Sounds like they're killing two birds with one stone:

1\. Closing down a brand that completed with iTunes/iTunes Radio, likely to
merge streaming directly into the iTunes player. This makes sense, given how
un-Apple the current Beats UX is. [1]

2\. Re-position the Beats brand back to Beats Headphones. This is the money
maker anyways.

None of this feels surprising, does it?

[1] "I'm at a party & feel like BBQing with my BFF to Dance-Pop" does not feel
very Apple-esque to me personally.
[http://si.wsj.net/public/resources/images/BN-
BE268_012214_G_...](http://si.wsj.net/public/resources/images/BN-
BE268_012214_G_20140121110305.jpg)

------
k-mcgrady
If this dies and doesn't just get rebranded I will be incredibly pissed off.
Beats is the only music service that has got it right. All the radio services
suck. Most playlists on Spotify suck. But when I open Beats I get a page full
of great album recommendations and wonderful human-curated playlists.

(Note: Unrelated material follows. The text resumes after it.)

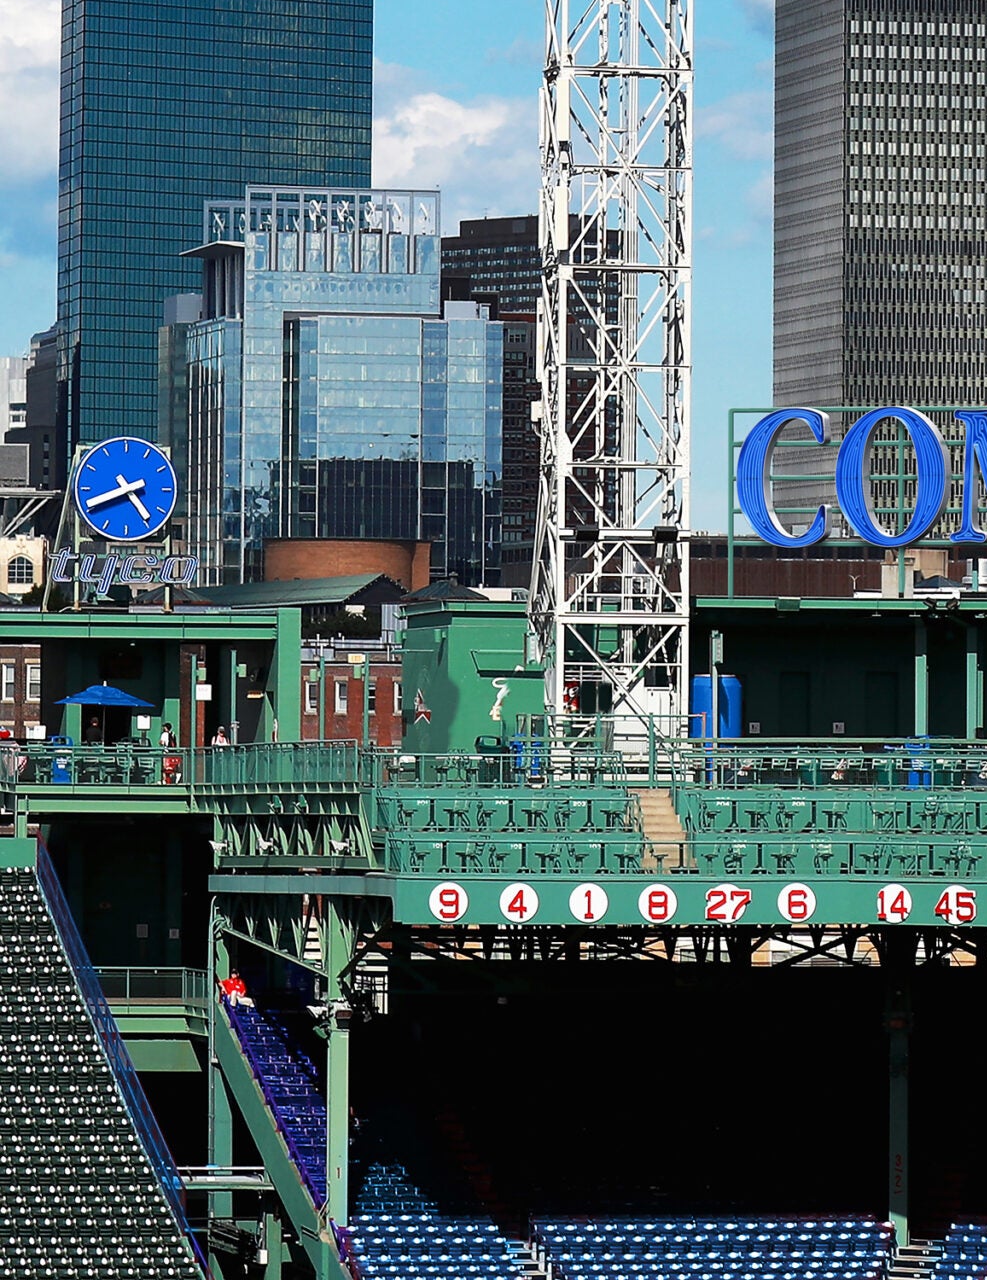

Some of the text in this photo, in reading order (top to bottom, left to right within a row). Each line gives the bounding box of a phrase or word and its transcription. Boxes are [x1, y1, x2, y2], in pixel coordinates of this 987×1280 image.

Honestly I'll be surprised if it just disappears. In interviews Apple exec's
have been very effusive about Beats curation and how good the service is. As
much as I hope it doesn't die I also hope they don't just through it into
iTunes. The other thing Beats got right was the UI.

------
jonnathanson
Apple still makes a lot of money selling tracks on the iTunes store. My guess
would be that it's going to roll out a streaming service, but on its own
terms. This probably means renegotiating a lot of the music rights previously
negotiated by Beats, and starting with a clean slate. Apple probably figures
it can get better terms from the labels than Beats did.

Part of me thinks that the only reason a la carte purchasing still exists is
because there is no way to get everything from one streaming service. To use a
TV example: I can't get most HBO shows on Netflix; ergo, I use Netflix and HBO
Go. Same thing with Showtime, so I use Showtime's app as well. And some things
I can't get anywhere through a streaming service, so I buy them. I'm not
buying a la carte because I feel the need to "own" things. I'm buying a la
carte because the fragmented streaming landscape has significant gaps in its
coverage. What I'm really doing, when I buy, is covering those gaps _and /or_
hedging against the risk that something I love might go away on my streaming
services.

My wild hunch is that Apple realizes as much, and it's moving to get as much
content as possible under new license before it reveals its streaming service.
It knows that a streaming service, in 2014 or 2015, needs to be as selection-
complete as humanly possible. And anything not on its streaming service needs
to be for sale on iTunes. It's very hard to thread that needle when you're
working with legacy licenses under two different entities, presumably
applicable only to those individual services.

------
LeoPanthera
Tim was enthusiastic about Beat's curated playlists in a recent interview, so
if they do kill off the Beats brand, it will probably be so they can move the
curated music stuff into iTunes Radio, which is ad-free with an iTunes Match
subscription.

I can see iTunes Match morphing into a kind of Amazon Prime like offering,
where a bunch of premium services are all rolled together.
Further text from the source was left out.